After the date, she did not bring it up again.
That was intentional. She was not interested in turning it into a dating situation. She wanted to keep things friendly and leave it there.
But he apparently did not pick up on that.
Eventually, she spelled it out for him. She told him she only wanted to be friends. According to her, he said that was perfectly fine.
Then his behavior did not match that answer at all.
He started messaging her every day, multiple times a day. He sent goodnight texts every night. If she did not respond right away, he sent back-to-back messages instead of giving her space.
That made her uncomfortable because it felt like he was trying to build a closeness she had not agreed to. A goodnight text can be sweet in an actual relationship. From a much older coworker after one date and a clear “just friends” conversation, it felt like pressure.
The problem was that he kept staying just vague enough to make her question herself.

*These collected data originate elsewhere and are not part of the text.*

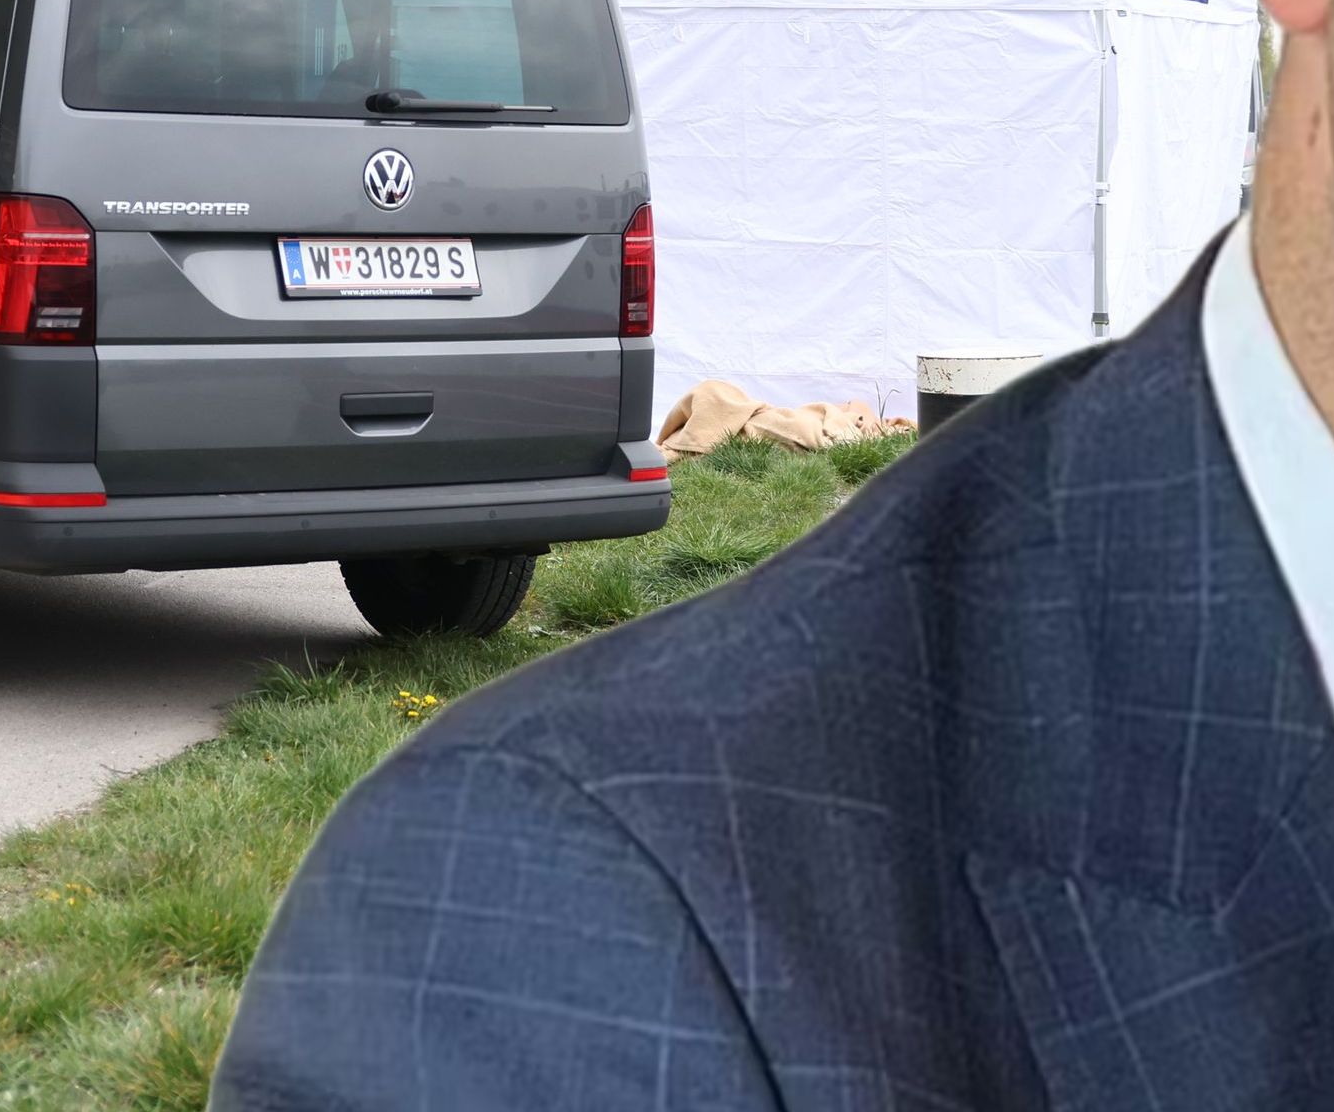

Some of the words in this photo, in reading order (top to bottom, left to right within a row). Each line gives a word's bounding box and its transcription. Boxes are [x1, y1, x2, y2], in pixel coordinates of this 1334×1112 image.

[103, 200, 250, 216] TRANSPORTER
[308, 246, 331, 280] W
[355, 246, 440, 279] 31829
[447, 246, 465, 279] S
[292, 269, 302, 279] A

He was not saying anything overtly sexual in the messages she described. He was not directly demanding another date. He had technically said friendship was fine. That made it harder for her to decide whether she was overreacting or whether he was using friendliness as a way to keep pushing.
She admitted that if he had not been romantically interested in her before, she might not have read the texts the same way. That was part of her doubt. Maybe she was projecting his earlier interest onto normal coworker friendliness. Maybe he was just lonely. Maybe he texted all his friends that much.

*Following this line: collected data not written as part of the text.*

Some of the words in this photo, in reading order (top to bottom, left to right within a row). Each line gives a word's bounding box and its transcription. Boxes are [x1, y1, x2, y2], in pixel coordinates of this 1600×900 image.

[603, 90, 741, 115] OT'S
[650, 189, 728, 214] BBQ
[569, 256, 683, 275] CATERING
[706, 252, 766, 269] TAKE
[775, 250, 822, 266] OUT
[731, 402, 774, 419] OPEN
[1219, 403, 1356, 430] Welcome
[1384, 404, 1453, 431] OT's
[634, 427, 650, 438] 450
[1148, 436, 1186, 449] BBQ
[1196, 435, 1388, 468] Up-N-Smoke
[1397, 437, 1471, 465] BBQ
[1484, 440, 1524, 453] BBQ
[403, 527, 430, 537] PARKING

But the age gap, the work connection, the one date, and the intensity all made the situation feel different.
In the comments, people noticed that he seemed to be keeping one foot in “friend” territory while still acting like he wanted more. One commenter described it as “palatably pushy,” meaning he was not being blunt enough to be easily called out, but he was still pushing past the obvious boundary.
The poster later edited the post to say she had stopped responding to anything that was not work-related. She also changed her texting style to be dull and blunt, with no heart emojis or extra warmth.
That mattered because commenters had pointed out that, as a young people-pleaser, she may have been softening every no with apologies, exclamation points, and friendly phrasing. That did not make her responsible for his behavior, but it showed how easy it is for a pushy person to take any warmth as an opening.
Eventually, she sent one final text.
She told him he was making her uncomfortable and said that going forward, any communication between them had to be strictly about work, at work, and through work email. She told him not to contact her personal number again for any reason.
That was a strong boundary, and it sounded like she was nervous about having to see him at work afterward.
Then came the most painful update.
She wrote that she had slowly realized this man had been “grooming” her since her last semester of high school, when she started working with him. That realization made her feel sick and stupid, though commenters made it clear the shame did not belong to her.
The post was locked, so there was no later public update about how he responded to the final message or whether she reported him at work. But the pattern was clear enough: an older coworker went on one date with a 19-year-old, accepted “just friends” verbally, then kept trying to occupy her attention every day anyway.
That was the part that made it hard to call harmless.
A respectful coworker would have backed off after one clear no. He did the opposite.
Commenters overwhelmingly told her she was not overreacting. Many said the age gap alone was concerning, especially after she realized he was in his 40s and had known her since she was still in high school.
A lot of people focused on the repeated texts. Commenters said goodnight messages every night and back-to-back texts after no response did not sound like casual friendship. It sounded like someone trying to make her feel responsible for his emotions.
Several commenters encouraged her to stop apologizing, stop explaining her schedule, and stop replying outside work. They said every response gave him another chance to keep the conversation going.
Others told her to document everything and consider reporting him if he pushed past the final boundary. Since they worked together, commenters said she should keep the situation on work channels and make sure there was a written record.
Some commenters said she may have accidentally sent mixed signals by being overly polite, but most pushed back on blaming her. They said a grown man in his 40s should understand that a 19-year-old coworker saying “just friends” means stop pursuing her.
The strongest advice was simple: he already had his answer. If he kept texting after that, the problem was not confusion. It was refusal.